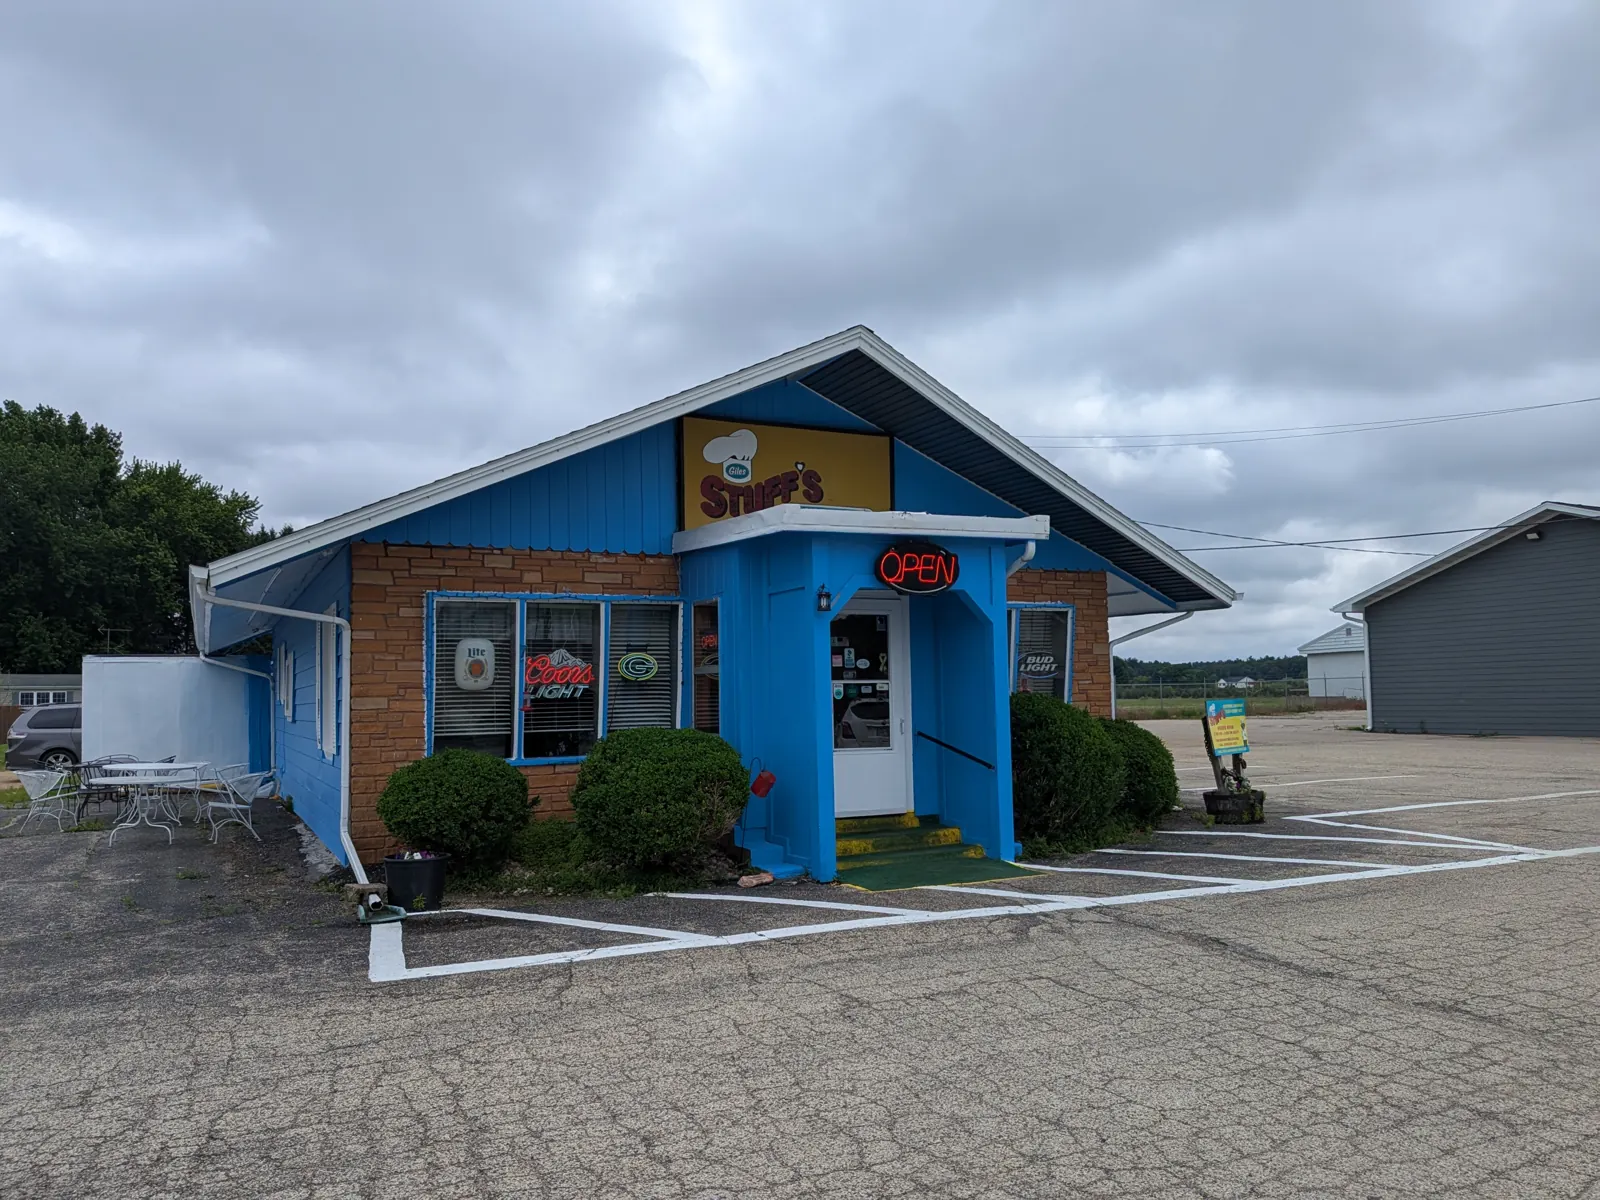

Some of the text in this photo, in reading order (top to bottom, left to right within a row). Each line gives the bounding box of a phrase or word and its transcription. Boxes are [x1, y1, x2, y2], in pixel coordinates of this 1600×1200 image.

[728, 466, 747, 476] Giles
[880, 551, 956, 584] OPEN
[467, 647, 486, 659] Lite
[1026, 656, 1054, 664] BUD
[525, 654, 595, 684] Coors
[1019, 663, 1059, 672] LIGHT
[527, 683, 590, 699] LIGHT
============================================================
When you retype the data above, match every line exactly and leave the pictures behind.

## Answer for this exercise
Some of the text in this photo, in reading order (top to bottom, left to right within a row). Each line gives the bounding box of a phrase or word and its transcription. Boxes are [x1, y1, x2, y2], in pixel coordinates of this 1600×1200 image.

[728, 466, 747, 476] Giles
[880, 551, 956, 584] OPEN
[467, 647, 486, 659] Lite
[1026, 656, 1054, 664] BUD
[525, 654, 595, 684] Coors
[1019, 663, 1059, 672] LIGHT
[527, 683, 590, 699] LIGHT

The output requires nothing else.